Minha
Vida em Suas Mãos,
de José Antônio Garcia
Minha Vida em Suas Mãos,
Brasil, 2000
O filme certamente não
começa mal. Há uma tentativa rara no cinema nacional atual
de tematizar uma certa "malaise" urbana como parte integrante
central da vida de classe média metropolitana no Brasil, com algumas
observações até interessantes. Desta introdução
resulta o encontro entre os personagens de Maria Zilda e Caco Ciocler.
Ao longo da cena que começa com um estupro e se torna um estranho
fim de semana de amor, o diretor ainda consegue manter algum interesse
apesar de deslizes sérios nos diálogos e em algumas encenações
completamente sem vida. No entanto, assim que esta cena é quebrada,
o filme começa um processo lento e gradual (mesmo...) de descida
à vala comum e, pior, a um claro descaso narrativo que cria inúmeros
problemas dos quais o final apressado e sem nexo é apenas uma consequência.
Se formos analisar apenas num
nível narrativo, o filme inteiro parece paradoxalmente corrido
e arrastado. Não tão paradoxal assim, aliás, porque
ao passar com pressa por cima de alguns dados ou cenas importantes, perde
a adesão do espectador, tornando passagens futuras desinteressantes,
por isso arrastadas. Falta, por exemplo, mais paciência no início.
O personagem masculino merecia mais atenção, mais tempo
de tela sozinho. O que resulta é que de um primeiro olhar até
interessante sobre as desilusões da vida moderna, ambos os personagens
caem num mar de clichês insustentável, em especial a de Maria
Zilda. O filme cai ainda em dois defeitos sérios e recorrentes
do cinema brasileiro: primeiro, a incapacidade de simplesmente contar
sua história e deixar que a análise venha do público.

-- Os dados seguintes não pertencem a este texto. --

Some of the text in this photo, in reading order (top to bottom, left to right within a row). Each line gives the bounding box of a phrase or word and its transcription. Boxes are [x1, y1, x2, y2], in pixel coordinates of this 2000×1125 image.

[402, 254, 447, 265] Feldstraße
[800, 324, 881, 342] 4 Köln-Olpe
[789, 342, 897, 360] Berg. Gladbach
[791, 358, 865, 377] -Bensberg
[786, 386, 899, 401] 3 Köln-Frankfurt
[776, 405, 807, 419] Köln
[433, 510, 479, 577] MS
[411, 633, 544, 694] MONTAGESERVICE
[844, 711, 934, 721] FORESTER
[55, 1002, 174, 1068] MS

O cinema nacional na sua briga por ser comercial esbarra seguidamente
neste erro: não consegue se libertar da sua "seriedade".
Ou seja, não basta os personagens viverem suas situações,
o diretor precisa seguidamente externar em palavras os seus dilemas. Com
isso, várias vezes Maria Zilda cai em constrangedores monólogos
(às vezes "disfarçados" de aulas, às vezes
de sessão de análise, mas em ambos os casos sem interação
com outro), onde seu personagem sente a urgência de falar sozinha
para que o espectador entenda suas dúvidas, algo completamente
desnecessário. O outro defeito sério é a síndrome
do "Ih, olha ele ali..." segundo a qual no cinema nacional mesmo
o pipoqueiro do fundo do quadro deve ser interpretado por um ator conhecido
da Rede Globo de preferência. A falta de "elencos de apoio"

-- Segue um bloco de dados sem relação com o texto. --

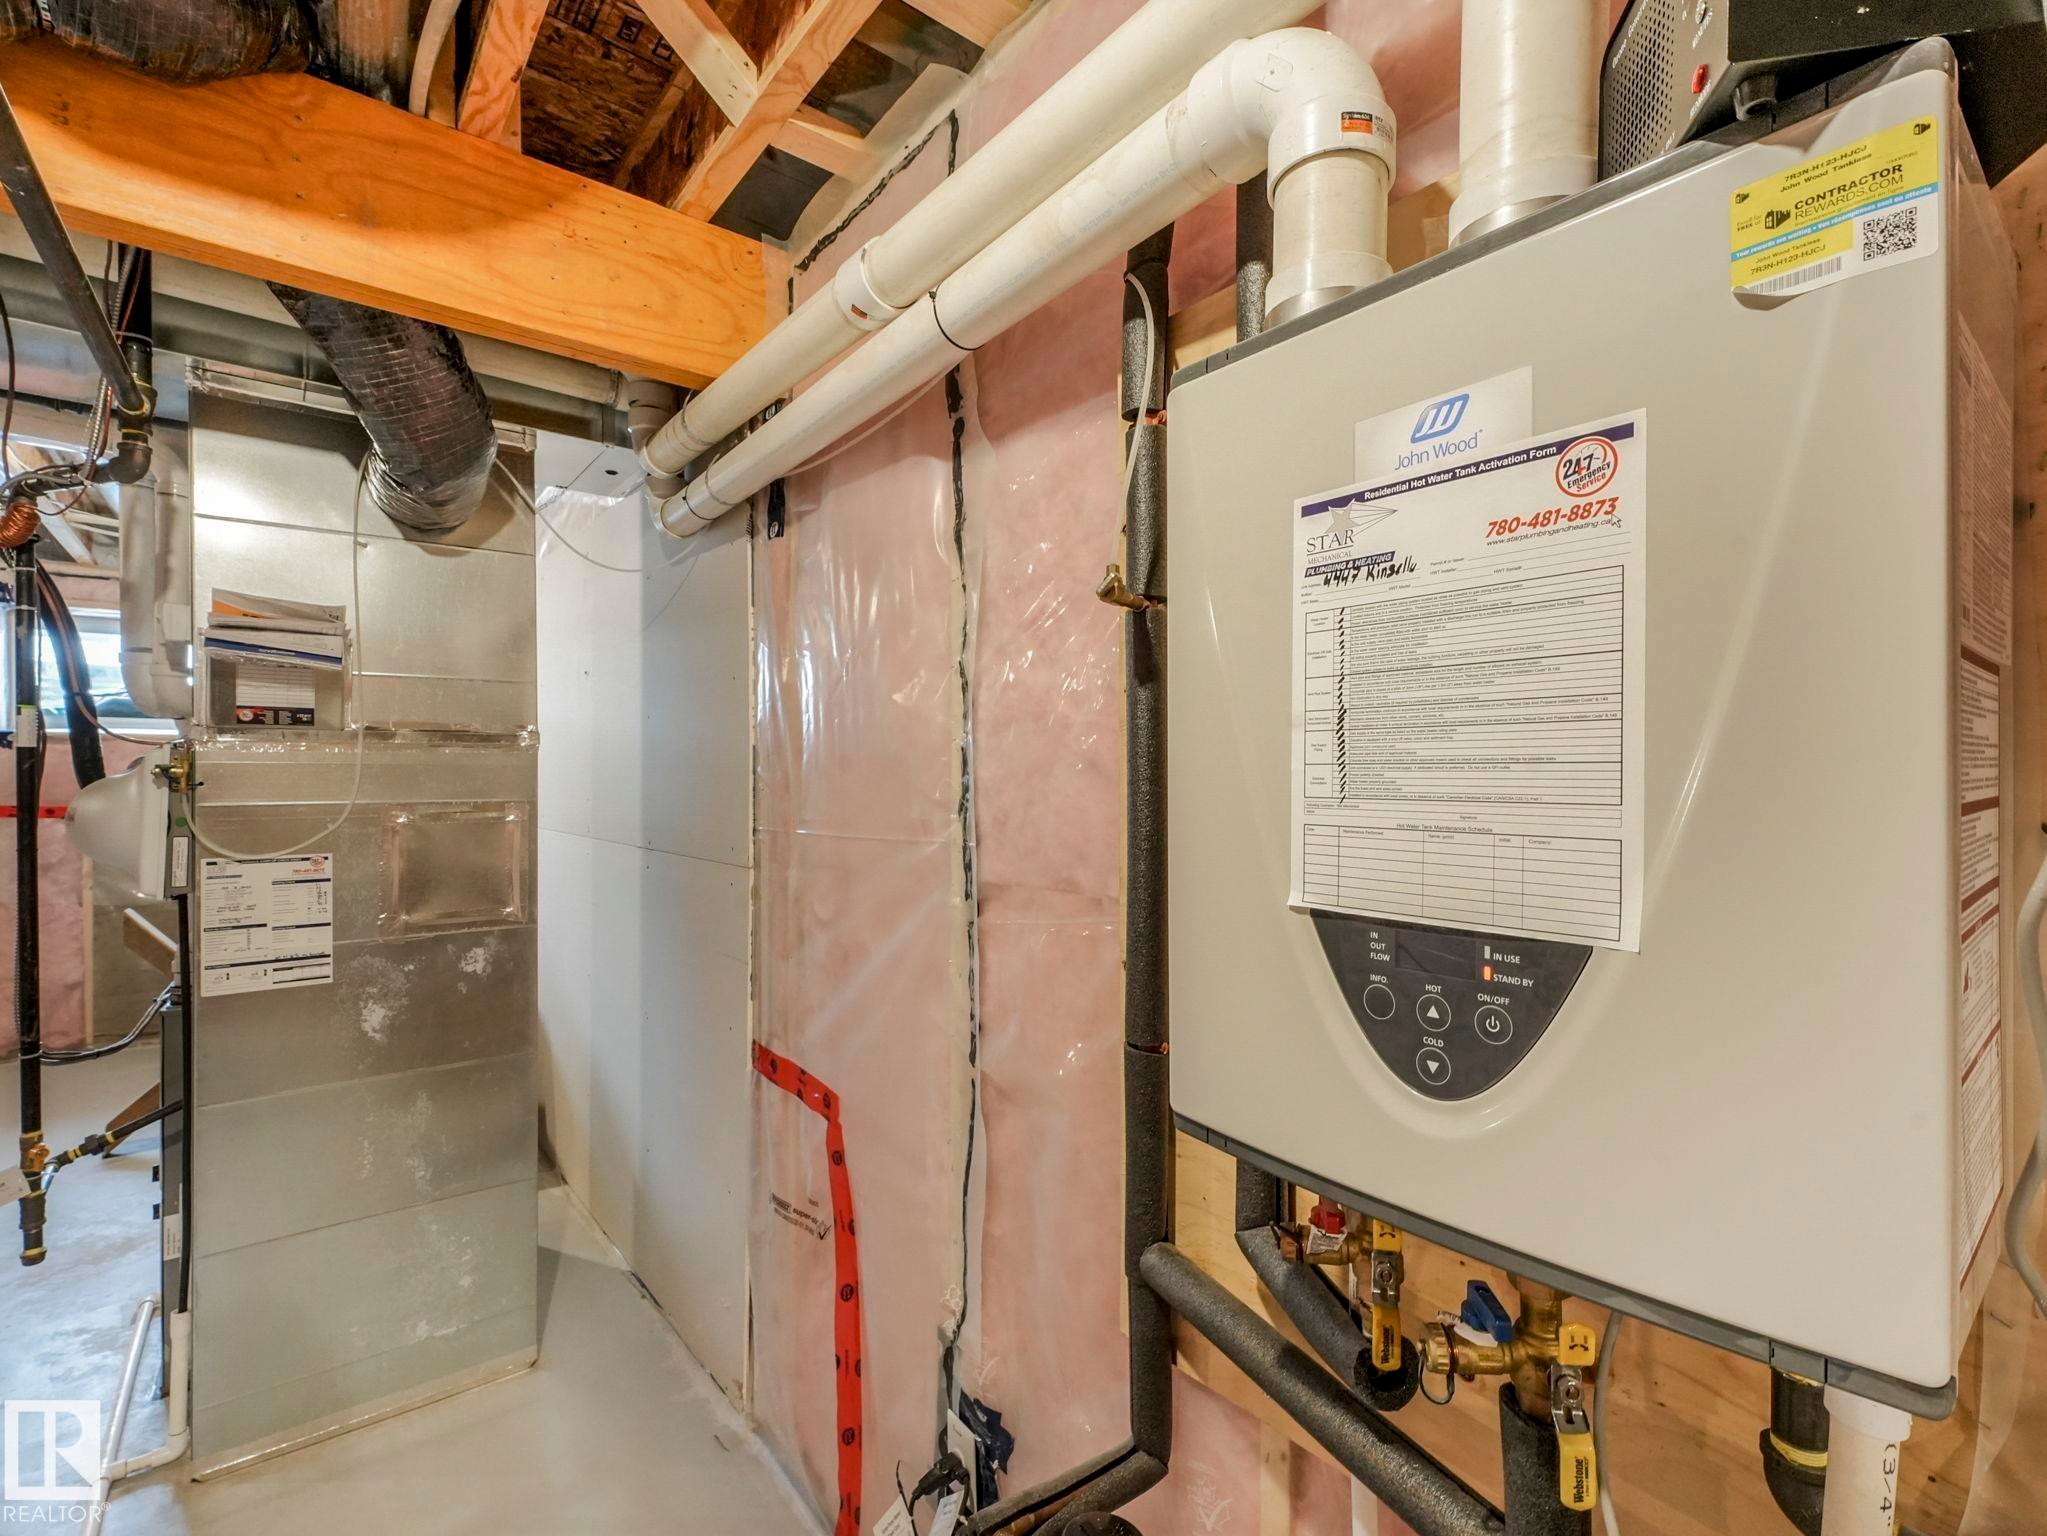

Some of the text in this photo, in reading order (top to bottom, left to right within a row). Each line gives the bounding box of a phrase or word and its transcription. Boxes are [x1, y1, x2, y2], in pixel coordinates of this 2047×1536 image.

[1780, 180, 1801, 193] John
[1803, 170, 1829, 184] Wood
[1831, 153, 1873, 172] Tankless
[1794, 163, 1903, 211] CONTRACTOR
[1794, 175, 1904, 221] REWARDS.COM
[1394, 431, 1479, 470] John Wood
[1364, 445, 1557, 500] Residential Hot Water Tank Activation Form
[1566, 461, 1612, 490] Emergency
[1576, 472, 1607, 493] Service
[1485, 496, 1620, 539] 780-481-8873
[1306, 528, 1355, 553] STAR
[1306, 560, 1346, 577] PLUMBING
[1354, 552, 1393, 568] HEATING
[1307, 551, 1351, 566] MECHANICAL
[1370, 931, 1378, 939] IN
[1370, 942, 1386, 950] OUT
[1370, 952, 1390, 962] FLOW
[1493, 953, 1521, 964] IN USE
[1370, 973, 1389, 984] INFO.
[1425, 984, 1442, 993] HOT
[1493, 973, 1534, 987] STAND BY
[1477, 993, 1511, 1006] ON/OFF
[1423, 1036, 1444, 1047] COLD
[1381, 1326, 1391, 1365] Webstone
[1573, 1457, 1584, 1504] Webstone

que não possuam personas como estes atores é um sério
defeito no cinema nacional como um todo, e neste filme em alguns momentos
atrapalha diretamente o andamento das cenas.
Mas o grande equívoco
mesmo da produção como um todo é não perceber
a antítese entre a história que se conta e a forma como
é contada. No fundo, o filme é uma história de amor
louco, de amor irracional, de amor que sai da mais profunda necessidade
do outro. Isso pede uma montagem, uma mise-en-scène igualmente
exacerbada, apaixonada, entregue, vibrante, muitas vezes até anti-naturalista,
como são as emoções fortes. Mas, não, o filme
é contado da forma mais careta possível, com um pé
num romantismo que não tem nada a ver com o enredo, com um formato
quase televisivo na sua decupagem "correta" e fria. Falta, por
exemplo, uma cena de amor mais mal educada, mais sacana mesmo, quando
o que se vê são cenas de novela das oito nos dias de hoje.
Este desacordo entre espírito e corpo do filme se juntam aos elementos
anteriormente citados para torná-lo de muito difícil digestão,
por mais que parta de pontos interessantes. Uma pena.